◆ **THE TASK**
Write out the data below in full, unchanged, minus the images.

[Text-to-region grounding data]
• • • •

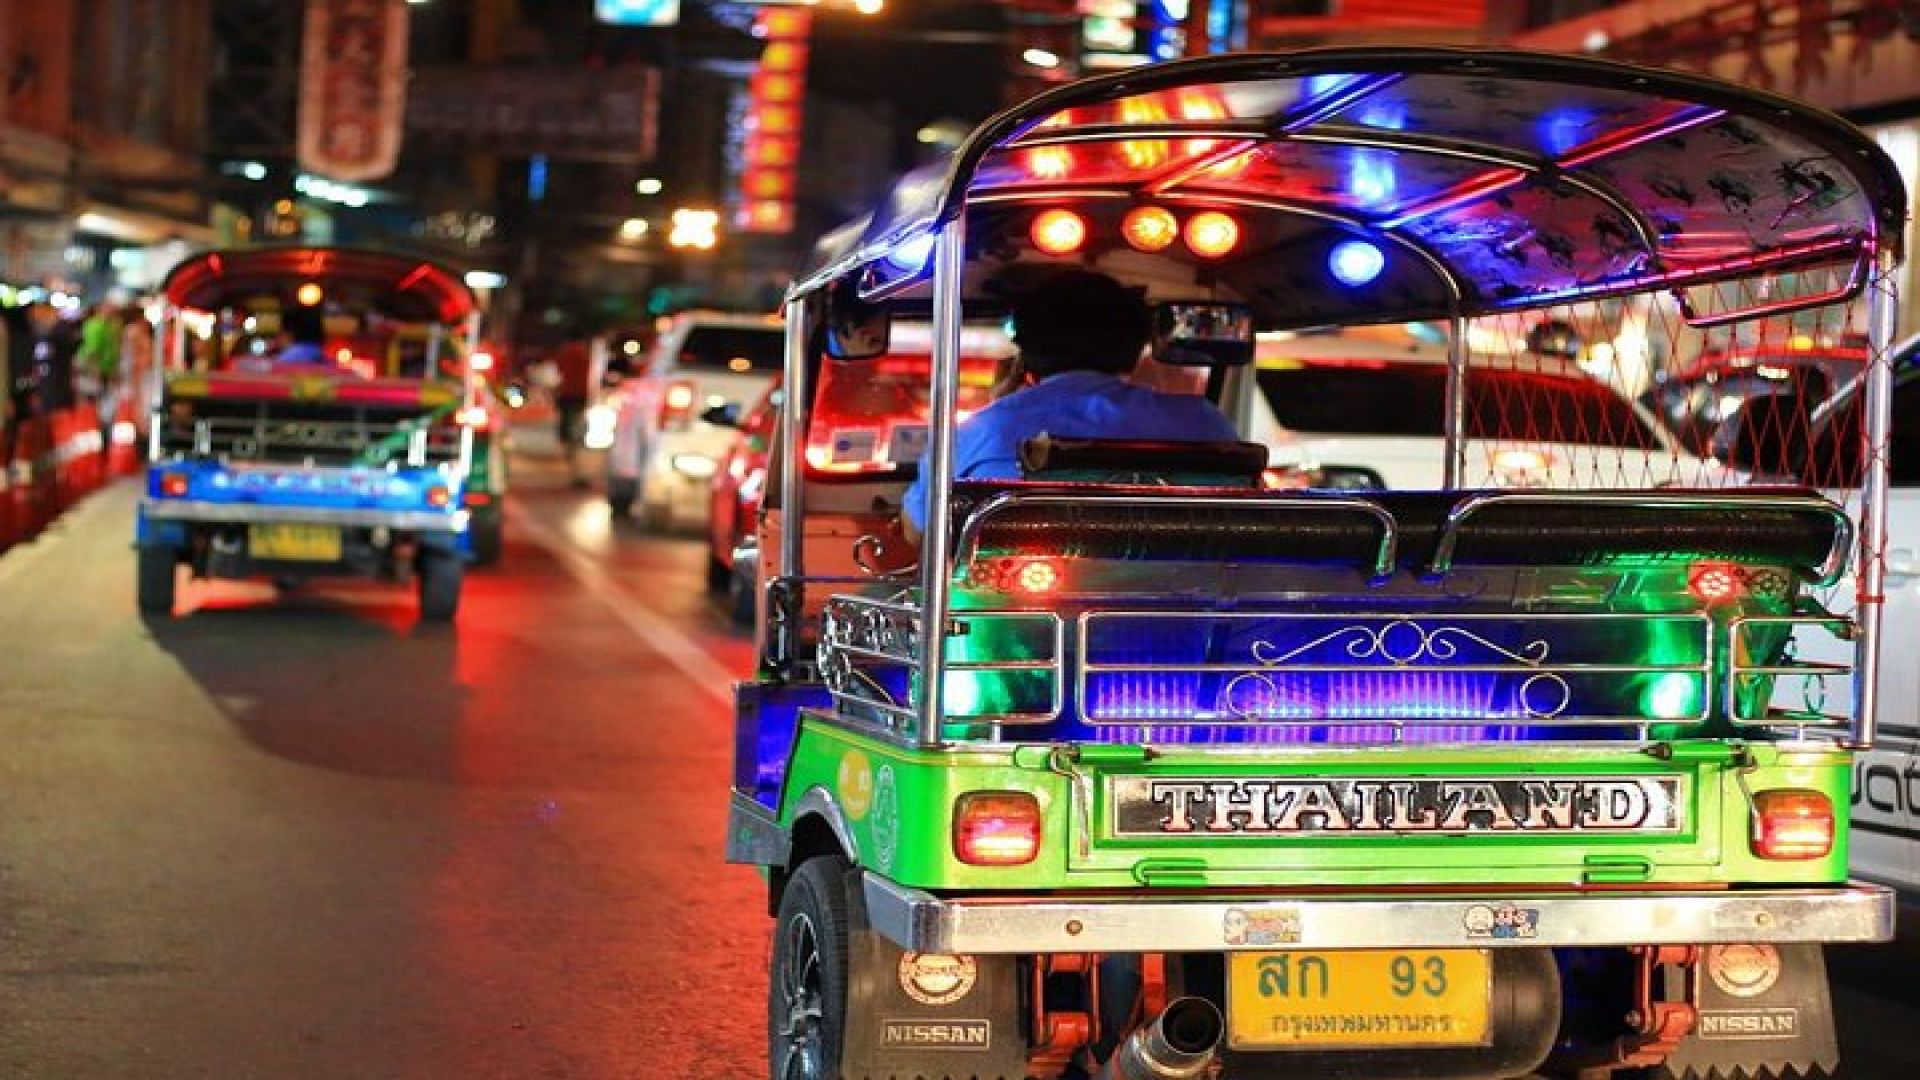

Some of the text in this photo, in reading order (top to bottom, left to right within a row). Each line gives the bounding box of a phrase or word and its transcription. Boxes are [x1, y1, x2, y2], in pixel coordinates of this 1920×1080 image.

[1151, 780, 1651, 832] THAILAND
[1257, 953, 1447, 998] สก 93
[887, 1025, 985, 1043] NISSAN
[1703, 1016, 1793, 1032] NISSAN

• • • •

◆ **SOLUTION FOR THIS TASK**
Some of the text in this photo, in reading order (top to bottom, left to right within a row). Each line gives the bounding box of a phrase or word and its transcription. Boxes are [x1, y1, x2, y2], in pixel coordinates of this 1920×1080 image.

[1151, 780, 1651, 832] THAILAND
[1257, 953, 1447, 998] สก 93
[887, 1025, 985, 1043] NISSAN
[1703, 1016, 1793, 1032] NISSAN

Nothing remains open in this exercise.